Gazeteci Turhallı: Kerkük aslında İran işgali altında
Erbil’de yaşayan gazeteci Ruken Turhallı, Kerkük’te 2017’den sonra huzurun kalmadığını ve kentte devlet mekanizmasının işlemediğini düşünüyor.
Turhallı’ya göre, Haşdi Şabi üzerinden Irak ve Suriye’de kalıcı toprak hakimiyeti kurmak isteyen ve bu gücünü kaybetmek istemeyen İran’ın, Kerkük’te son dönemde yaşanan olaylarda büyük payı var:
“Resmi olarak atanmış vali olan Irak ordusu şehre hakim görünüyor ama gerçekte durum böyle değil. Kerkük aslında İran’ın işgali altındadır, İran işgali altındadır. İran, Haşdi Şabi Türkmenlerinden oluşan milis güçlerine hakim olmuştur. 2017’den beri de Haşdi Şabi Şiileri orada. Yani Kerkük’te devlet yerine paramiliter güçler hakim olmaya başladı.
“Bu gerilimin temel nedenlerinden biri Aralık ayında yapılacak seçimlerde Kürtlerin sayısal üstünlük elde etmesidir. Bu kesin kabul ediliyor ve eğer öyleyse Kerkük Valisi çoğunluğu kazanan gruptan atanacak. “
Kerkük’te bu günlere nasıl geldik?
Kerkük, Irak’ta en fazla petrol rezervine sahip ikinci şehirdir.

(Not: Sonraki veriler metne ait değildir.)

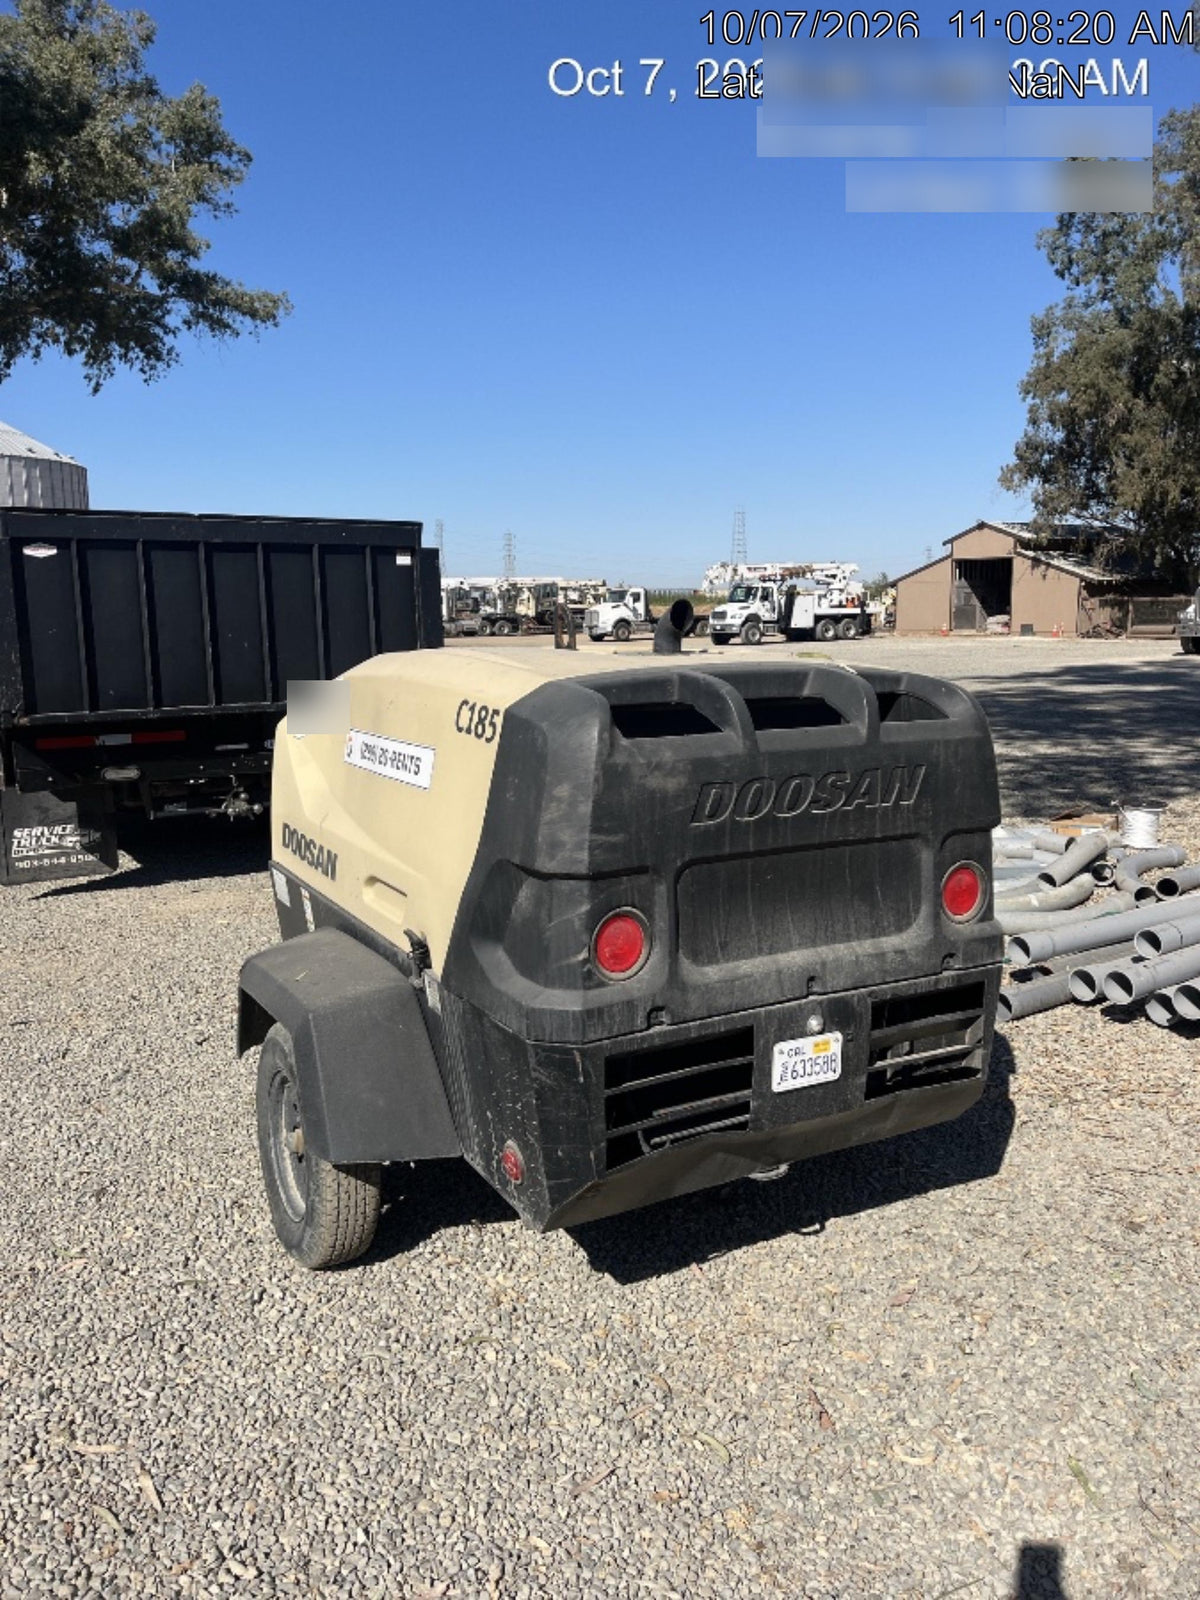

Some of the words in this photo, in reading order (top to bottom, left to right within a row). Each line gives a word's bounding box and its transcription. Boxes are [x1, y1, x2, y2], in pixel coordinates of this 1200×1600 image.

Baas Partisi döneminde kentte Araplaştırma politikası uygulanmış, bu politikadan Kürtler ve Türkmenler zarar görmüştü.
ABD’nin 2003 yılında Irak’ı işgal etmesinden sonra Kürtler Kerkük’e dönmeye başladı ve kentteki nüfuzları arttı.
Irak Anayasası’nın 140. maddesinde “tartışmalı bölge” olarak görülen Kerkük’ün geleceği konusunda referandum yapılması öngörülüyordu.
Söz konusu yazıya göre, Saddam Hüseyin döneminde kentten zorla sürülen Kerkük halkı evlerine dönecek ve kentte nüfus sayımı yapılacaktı.
Ancak 25 Eylül 2017’de yapılan bağımsızlık referandumunun ardından Iraklı Kürtler Kerkük’te askeri ve siyasi güçlerini kaybetti. Kentin kontrolü Irak ordusu ve Haşdi Şabi milislerine geçti.
Şehrin idaresi de Irak merkezi hükümetine devredildi. Hükümet, Irak’ın güçlü Sünni Arap aşiretlerinden Cuburi aşiretinden Rakan Cuburi’yi kayyum vali olarak atadı.
Kürtlerin çekilmesiyle birlikte 16 Ekim 2017’de Irak ordusu ve Haşdi Şabi güçleri Kerkük’e girerek KDP’ye ait binayı boşaltarak binayı Harekat Komutanlığı Karargahı olarak kullanmaya başladı.